This year New York City Council Speaker Gifford Miller and a few other
Councilmembers may be forced out early because of a term limits law
holding City elected officials to "two successive terms" (with the
admitted but unsaid intent of limiting tenure to not more than eight
years, i.e two four-year terms).
But alas and alack for the pols and in recognition of predictable
controversies involving redrawn district boundaries after each census,
some Council terms are kept to two years.
Accordingly, for some Members with terms expiring this year, "two
terms" add up to just six years: one two year term and one four year
Last year, the Council passed clarifying legislation, and overrode a
Mayoral veto of it, making plain that a Councilmember may serve up to
eight years. Accordingly, six-year incumbent Miller would be allowed
to stand this year for another short (two-year) term.
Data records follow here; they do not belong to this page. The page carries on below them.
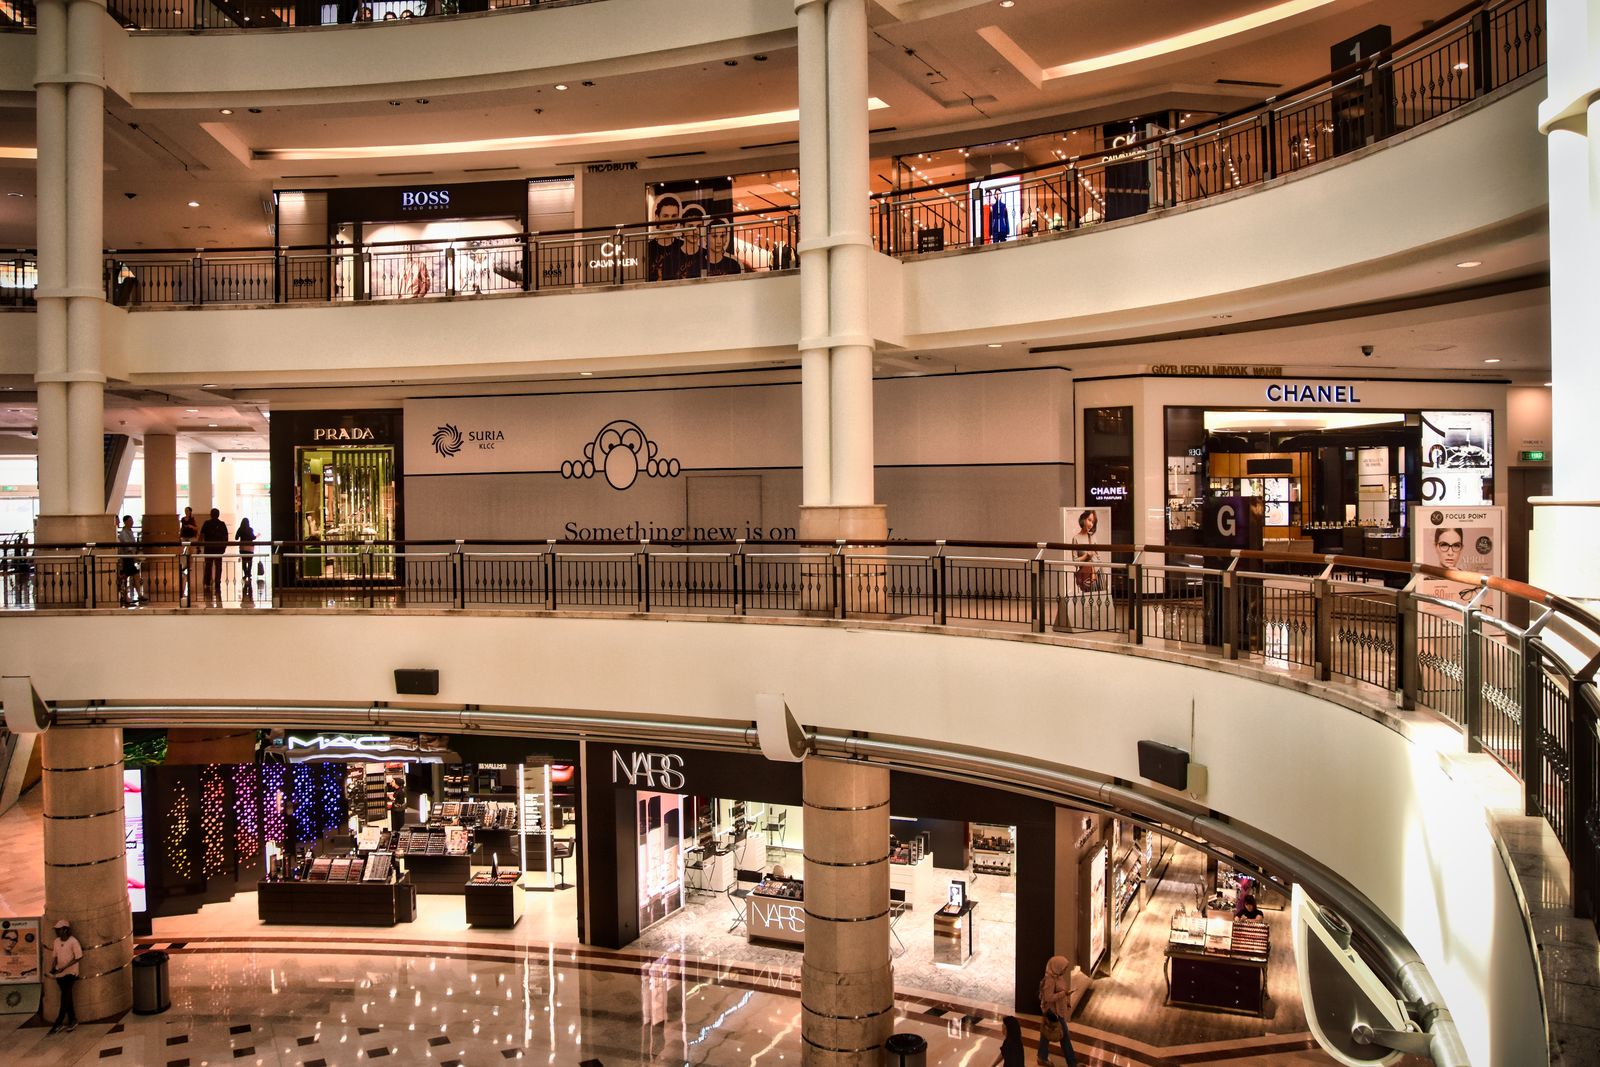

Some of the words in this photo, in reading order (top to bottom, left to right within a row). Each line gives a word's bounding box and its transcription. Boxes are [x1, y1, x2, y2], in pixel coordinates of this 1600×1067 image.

[1350, 42, 1361, 63] 1
[402, 191, 450, 206] BOSS
[601, 241, 626, 257] CK
[590, 260, 615, 269] CALVIN
[617, 258, 638, 267] KLEIN
[1152, 365, 1178, 375] G07B
[1181, 365, 1210, 375] KEDAI
[1213, 366, 1248, 376] MINYAK
[1253, 367, 1282, 377] WANGI
[1266, 384, 1361, 402] CHANEL
[314, 427, 375, 440] PRADA
[468, 431, 504, 441] SURIA
[1090, 487, 1128, 495] CHANEL
[1217, 505, 1236, 537] G
[565, 521, 685, 547] Something
[694, 527, 737, 541] new
[746, 521, 763, 541] is
[769, 527, 797, 541] on
[612, 749, 685, 790] NARS
[752, 901, 805, 933] NARS
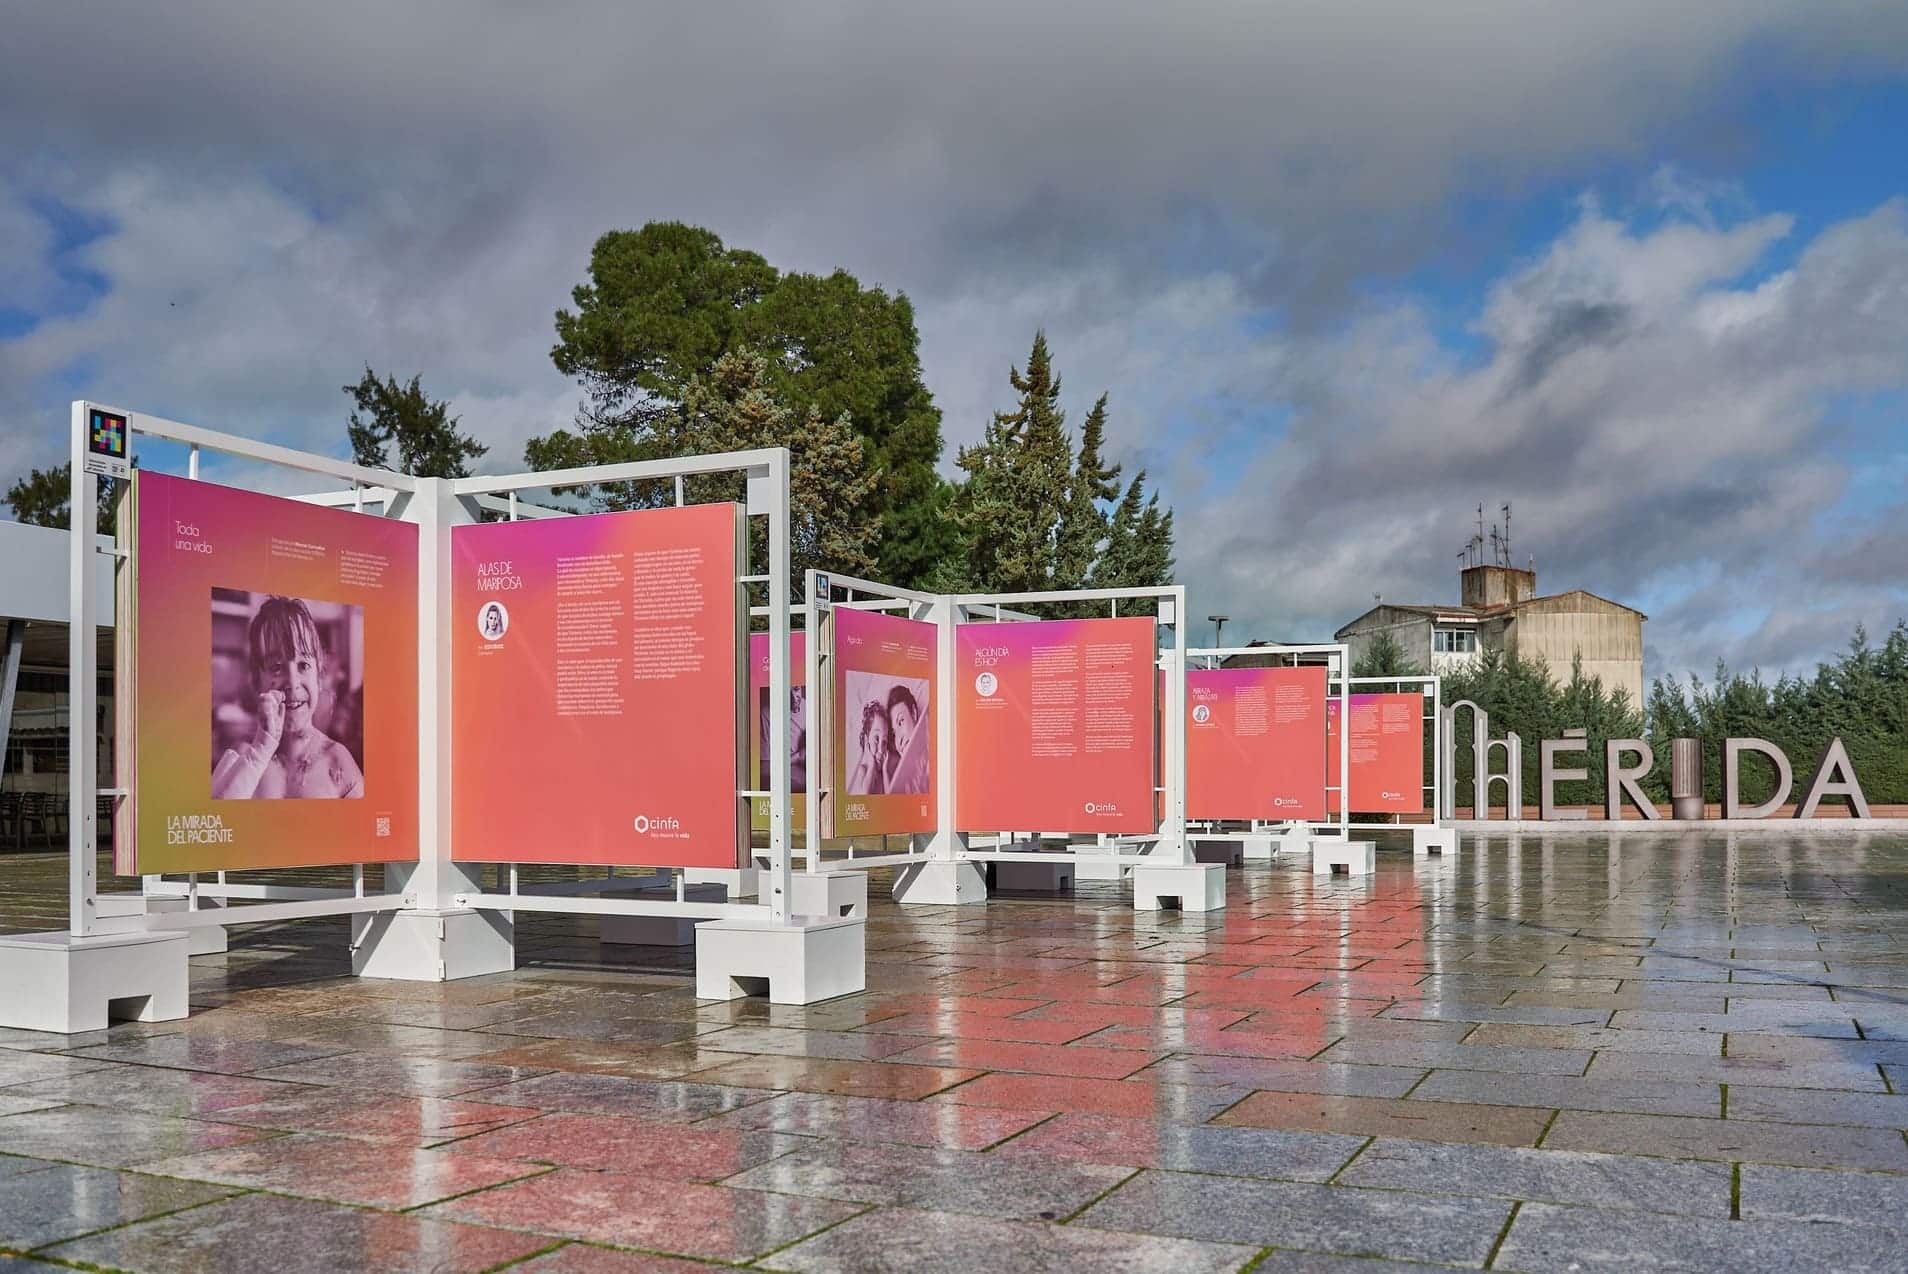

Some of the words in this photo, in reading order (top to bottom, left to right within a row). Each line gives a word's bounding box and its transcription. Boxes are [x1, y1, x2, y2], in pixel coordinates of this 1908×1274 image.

[175, 520, 200, 537] Toda
[175, 538, 192, 551] una
[192, 539, 213, 554] vida
[477, 561, 499, 576] ALAS
[500, 560, 513, 575] DE
[1440, 700, 1871, 821] MÉRIDA
[167, 815, 181, 830] LA
[182, 814, 223, 830] MIRADA
[167, 830, 187, 844] DEL
[187, 829, 233, 844] PACIENTE
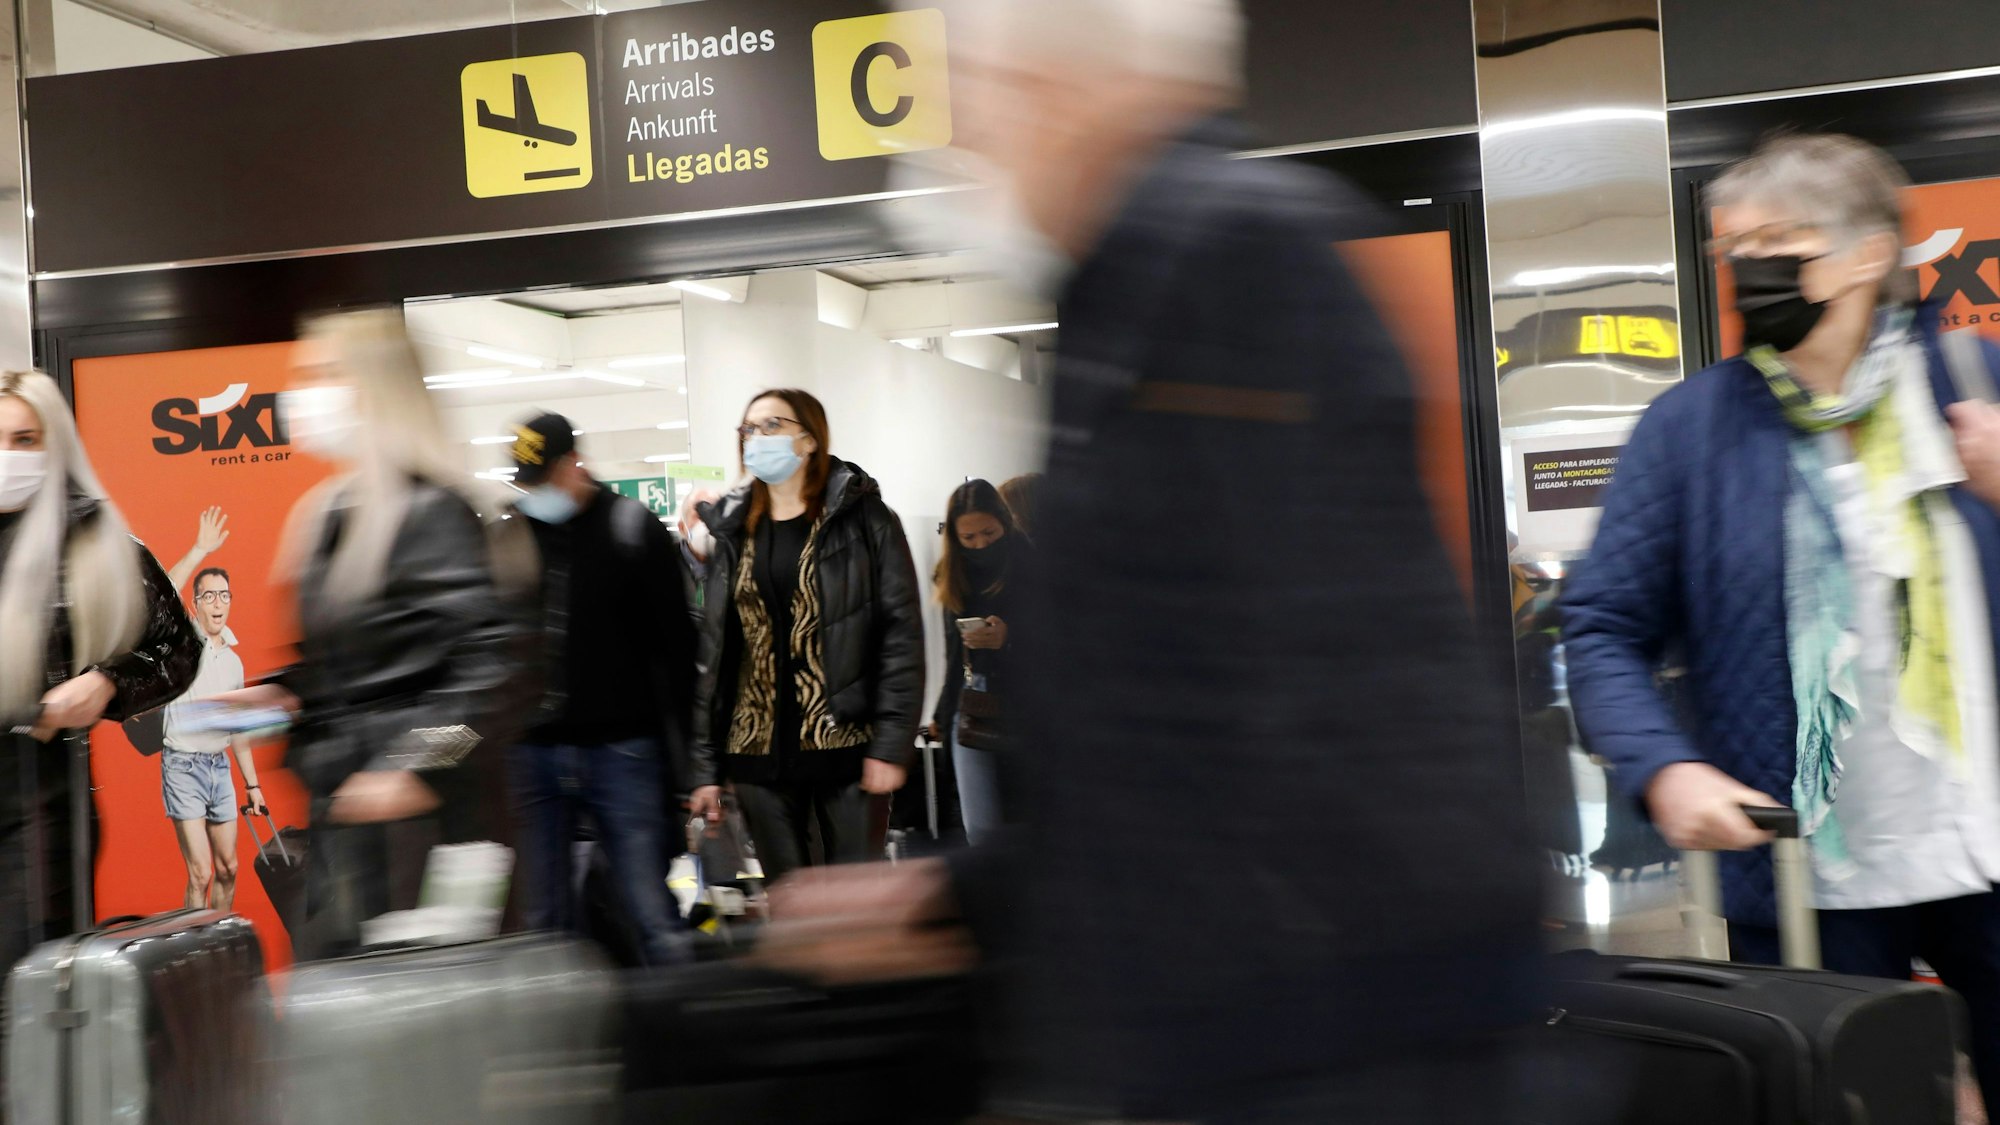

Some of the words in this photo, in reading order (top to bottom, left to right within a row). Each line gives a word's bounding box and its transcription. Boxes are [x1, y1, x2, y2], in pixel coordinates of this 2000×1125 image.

[622, 25, 776, 69] Arribades
[624, 72, 715, 105] Arrivals
[850, 41, 915, 128] C
[626, 109, 718, 142] Ankunft
[627, 143, 769, 184] Llegadas
[211, 453, 246, 466] rent
[251, 455, 260, 463] a
[264, 451, 291, 462] car
[1533, 462, 1558, 471] ACCESO
[1559, 460, 1578, 468] PARA
[1579, 457, 1619, 467] EMPLEADOS
[1534, 472, 1556, 480] JUNTO
[1563, 467, 1616, 478] MONTACARGAS
[1534, 481, 1568, 490] LLEGADAS
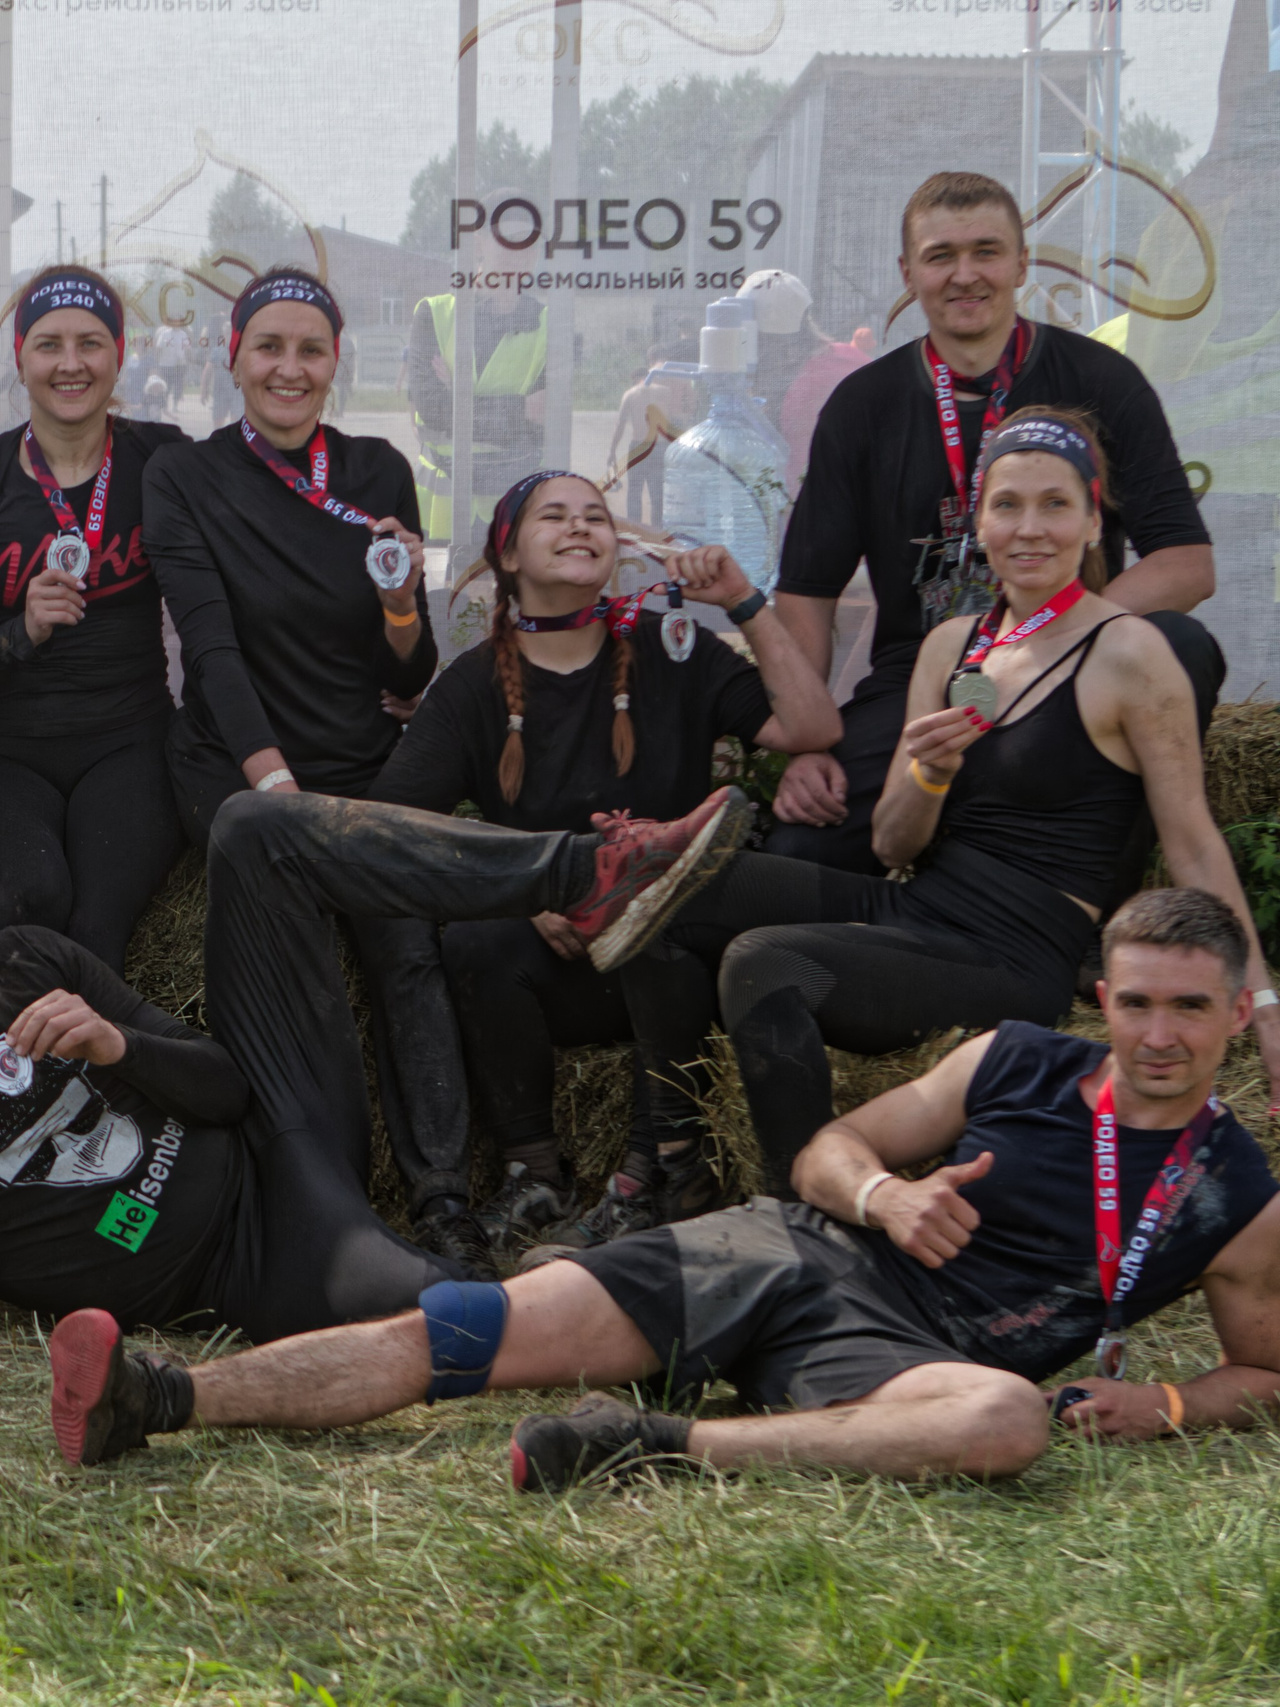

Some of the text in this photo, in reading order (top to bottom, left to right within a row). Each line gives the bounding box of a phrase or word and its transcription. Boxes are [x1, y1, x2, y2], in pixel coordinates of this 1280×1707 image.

[515, 18, 651, 67] ФКС
[450, 198, 783, 260] РОДЕО 59
[31, 280, 91, 304] РОДЕО
[270, 287, 315, 302] 3237
[450, 267, 684, 294] экстремальный
[50, 293, 95, 308] 3240
[121, 280, 195, 328] КС
[935, 363, 961, 447] РОДЕО 59
[997, 421, 1064, 439] РОДЕО
[88, 456, 112, 532] РОДЕО 59
[324, 498, 344, 516] 59
[1094, 1113, 1118, 1211] РОДЕО 59
[107, 1117, 186, 1246] Heisenber
[1138, 1207, 1161, 1232] 59
Now the "clarification" has been challenged in court. Can a mere
Council-passed law trump a referendum? Unless the state's Court of
Appeals upholds the Council, Miller and some others must say bye-bye.
For Miller this would damage his chances for the Dems nod to run
against Republican Bloomberg in 2005. Running in the primary as a pol
out of office, out of power would be naturally less effective than
running from the powerful, high-profile Speaker's office.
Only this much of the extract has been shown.